The world's oceans have warmed 50 percent faster over the last 40 years than previously thought due to climate change, Australian and US climate researchers reported Wednesday.
Higher ocean temperatures expand the volume of water, contributing to a rise in sea levels that is submerging small island nations and threatening to wreak havoc in low-lying, densely-populated delta regions around the globe.
The study, published in the British journal Nature, adds to a growing scientific chorus of warnings about the pace and consequences rising oceans.
It also serves as a corrective to a massive report issued last year by the Nobel-winning UN Intergovernmental Panel on Climate Change (IPCC), according to the authors.
Rising sea levels are driven by two things: the thermal expansion of sea water, and additional water from melting sources of ice.
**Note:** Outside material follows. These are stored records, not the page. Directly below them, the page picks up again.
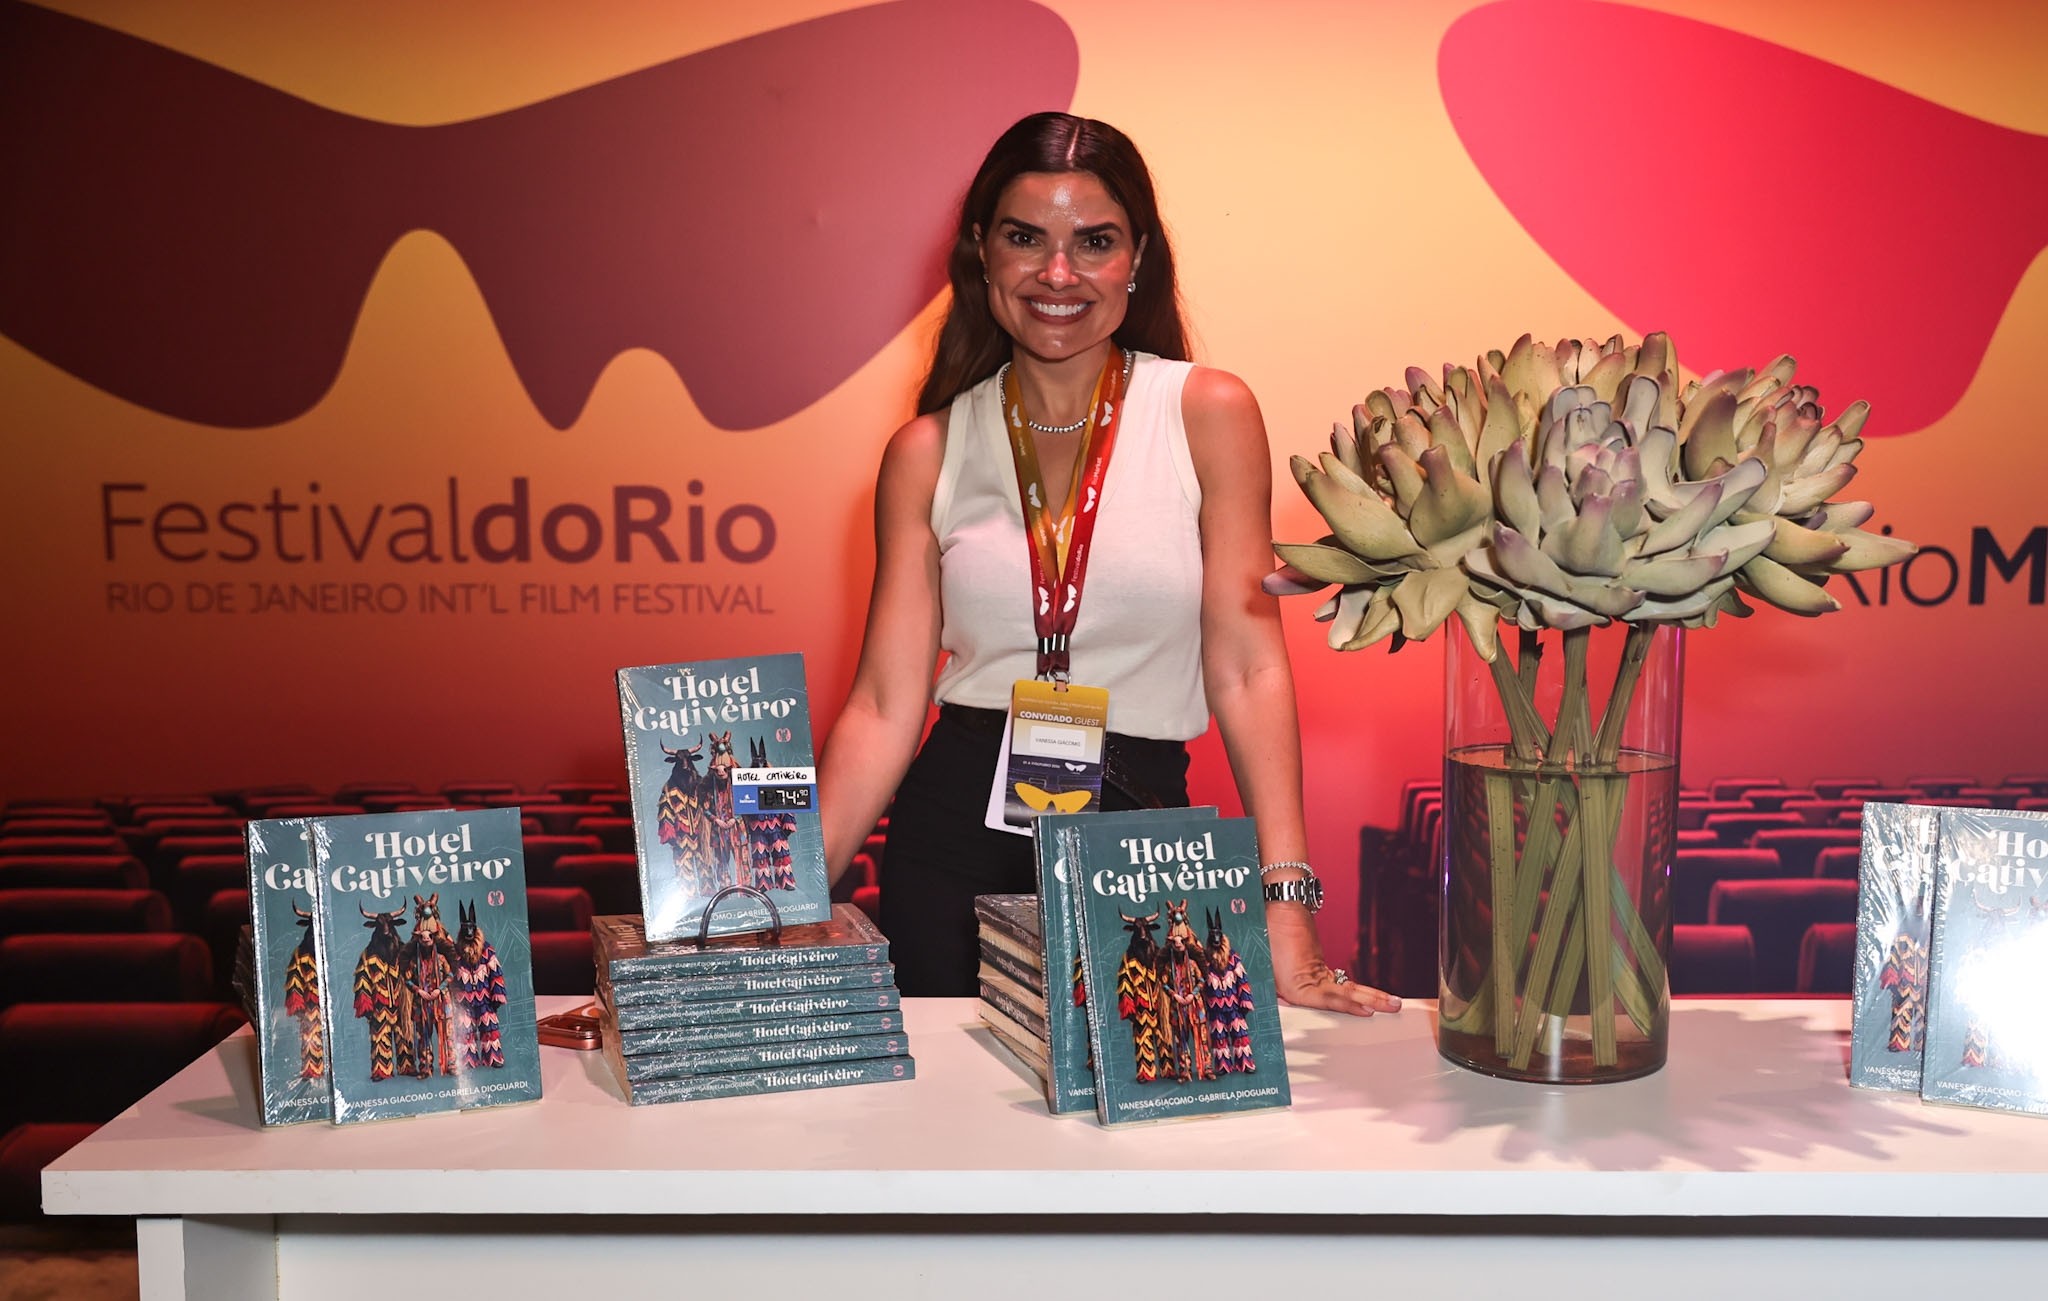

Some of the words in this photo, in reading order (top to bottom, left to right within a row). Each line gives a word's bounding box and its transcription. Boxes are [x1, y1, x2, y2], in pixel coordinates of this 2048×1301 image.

[101, 476, 777, 565] FestivaldoRio
[107, 583, 174, 615] RIO
[187, 583, 236, 614] DE
[248, 583, 408, 615] JANEIRO
[420, 583, 509, 614] INT'L
[520, 583, 600, 614] FILM
[613, 583, 775, 614] FESTIVAL
[664, 667, 760, 701] Hotel
[634, 695, 797, 736] Cativeiro
[1020, 711, 1073, 723] CONVIDADO
[1074, 717, 1100, 726] GUEST
[737, 772, 760, 781] HOTEL
[365, 823, 473, 859] Hotel
[1120, 831, 1216, 865] Hotel
[331, 854, 511, 899] Cativeiro
[1092, 863, 1250, 903] Cativeiro
[737, 908, 772, 919] GABRIEL
[740, 953, 777, 966] Hotel
[777, 951, 839, 966] Cativeiro
[744, 978, 782, 990] Hotel
[782, 975, 843, 989] Cativeiro
[750, 1001, 787, 1014] Hotel
[787, 998, 848, 1013] Cativeiro
[753, 1025, 791, 1038] Hotel
[791, 1021, 851, 1036] Cativeiro
[759, 1048, 797, 1062] Hotel
[797, 1044, 858, 1060] Cativeiro
[764, 1072, 802, 1086] Hotel
[803, 1069, 863, 1085] Cativeiro
[278, 1097, 319, 1109] VANESSA
[350, 1099, 388, 1109] VANESSA
[390, 1093, 434, 1105] GIACOMO
[439, 1087, 480, 1098] GABRIELA
[481, 1081, 528, 1094] DIOGUARDI
[1119, 1100, 1153, 1110] VANESSA
[1154, 1095, 1194, 1106] GIACOMO
[1199, 1091, 1236, 1102] GABRIELA
[1236, 1087, 1279, 1099] DIOGUARDI
Both processes are caused by global warming.
The ice sheet that sits atop Greenland, for example, contains enough water to raise world ocean levels by seven metres (23 feet), which would bury sea-level cities from Dhaka to Shanghai.
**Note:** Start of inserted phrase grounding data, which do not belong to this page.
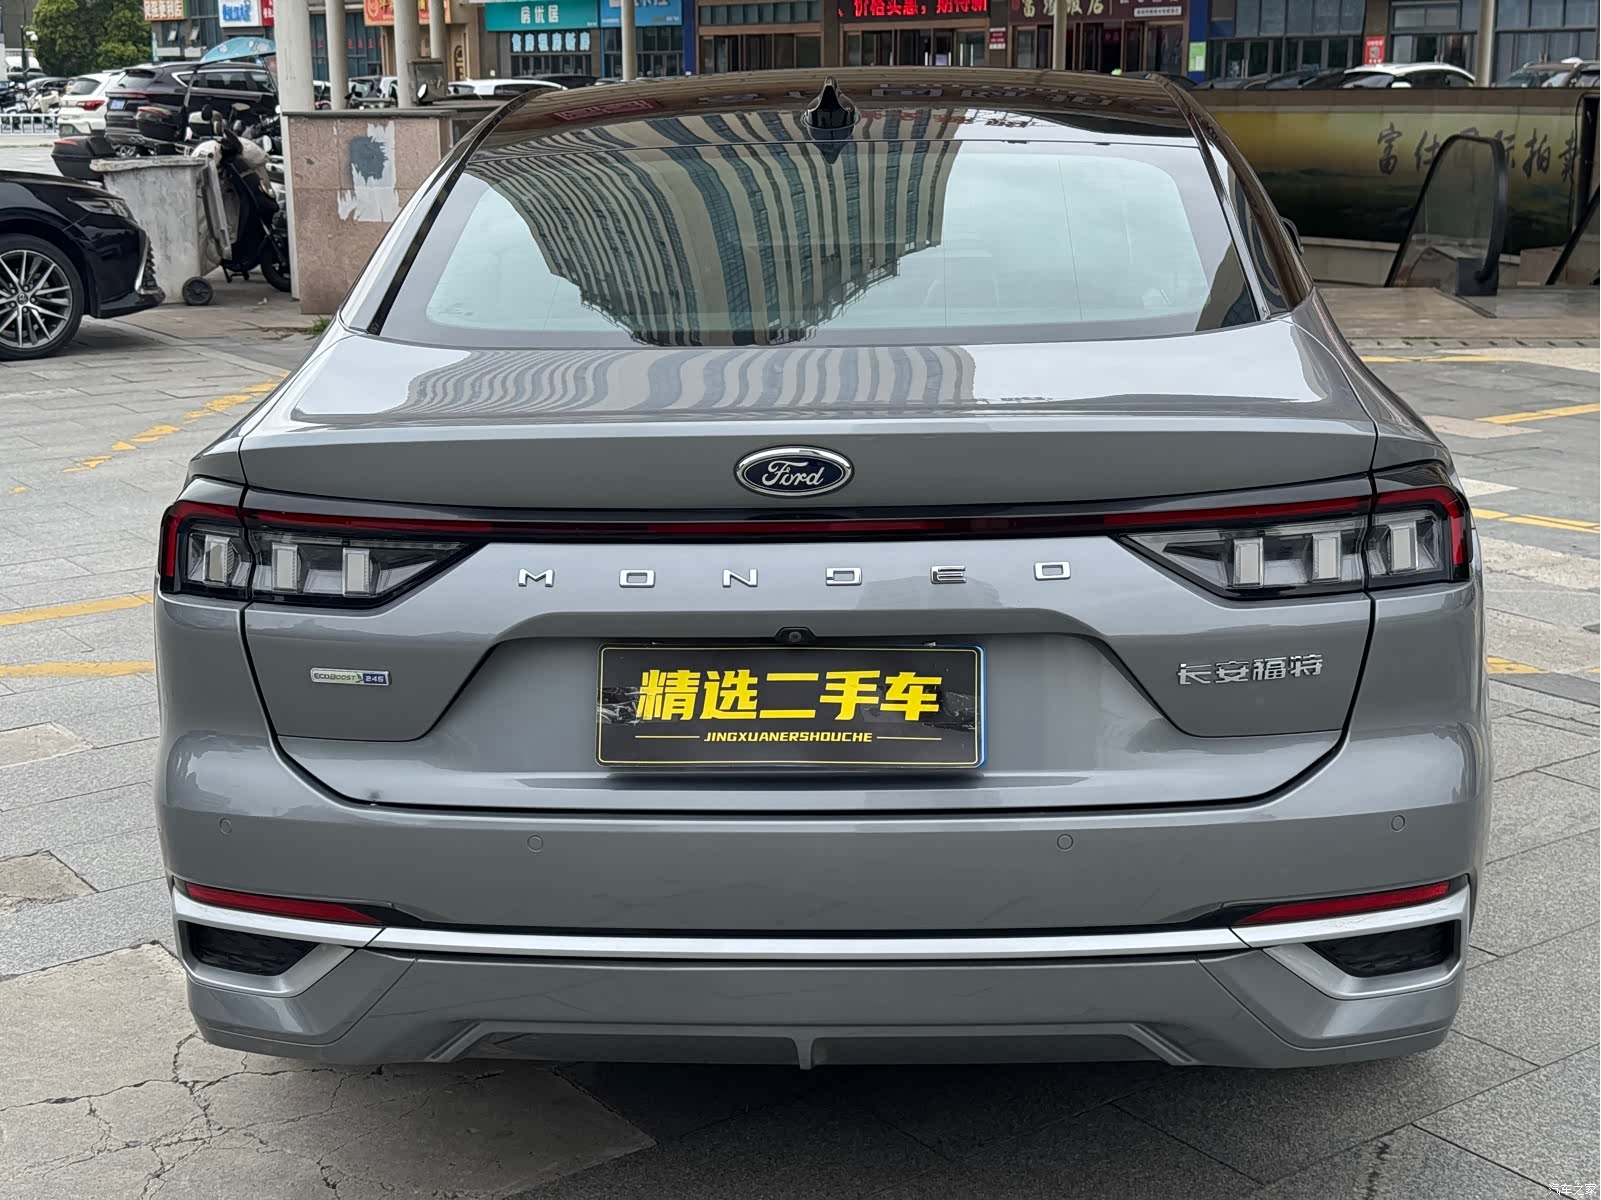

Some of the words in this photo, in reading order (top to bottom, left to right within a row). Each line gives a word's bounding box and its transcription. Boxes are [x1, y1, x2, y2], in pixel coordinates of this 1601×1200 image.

[1377, 122, 1579, 182] 富仕际拍卖
[762, 461, 825, 486] Ford
[518, 560, 1072, 588] MONDEO
[1178, 654, 1323, 685] 长安福特
[635, 669, 943, 721] 精选二手车
[704, 731, 873, 743] JINGXUANERSHOUCHE
Trying to figure out how much each of these factors contributes to rising sea levels is critically important to understanding climate change, and forecasting future temperature rises, scientists say.
But up to now, there has been a perplexing gap between the projections of computer-based climate models, and the observations of scientists gathering data from the oceans.
"The numbers didn't add up," said Peter Geckler, a co-author of the study and a researcher at the Program for Climate Model Diagnosis and Intercomparison at the Lawrence Livermore Laboratory in California.
"When previous investigators tried to add up all the estimated contributions to sea level rise" -- thermal expansion, melting glaciers, ice caps and ice sheets, along with changes in terrestrial storage -- "they did not match with the independently estimated total sea level rise," he told AFP.
The new study, led by Catia Domingues of the Centre for Australian Weather and Climate Research, is the first to reconcile the models with observed data.
Using new techniques to assess ocean temperatures to a depth of 700 metres (2,300 feet) from 1961 to 2003, it shows that thermal warming contributed to a 0.53 millimetre-per-year rise in sea levels rather than the 0.32 mm rise reported by the IPCC.
"Our results are important for the climate modelling community because they boost confidence in the climate models used for projections of global sea-level rise resulting for the accumulation of heat in the oceans," Domingues said in a statement.
"The projections will in turn assist in planning to minimize impacts, and in developing adaptation strategies," she added.
The IPCC report was criticised for including only the impact of thermal expansion in its projections of sea level rises over the next century, despite recent studies showing that melting ice is a significant -- and growing -- factor.
The planet's oceans store more than 90 percent of the heat in the Earth's climate system and act as a temporary buffer against the effects of climate change.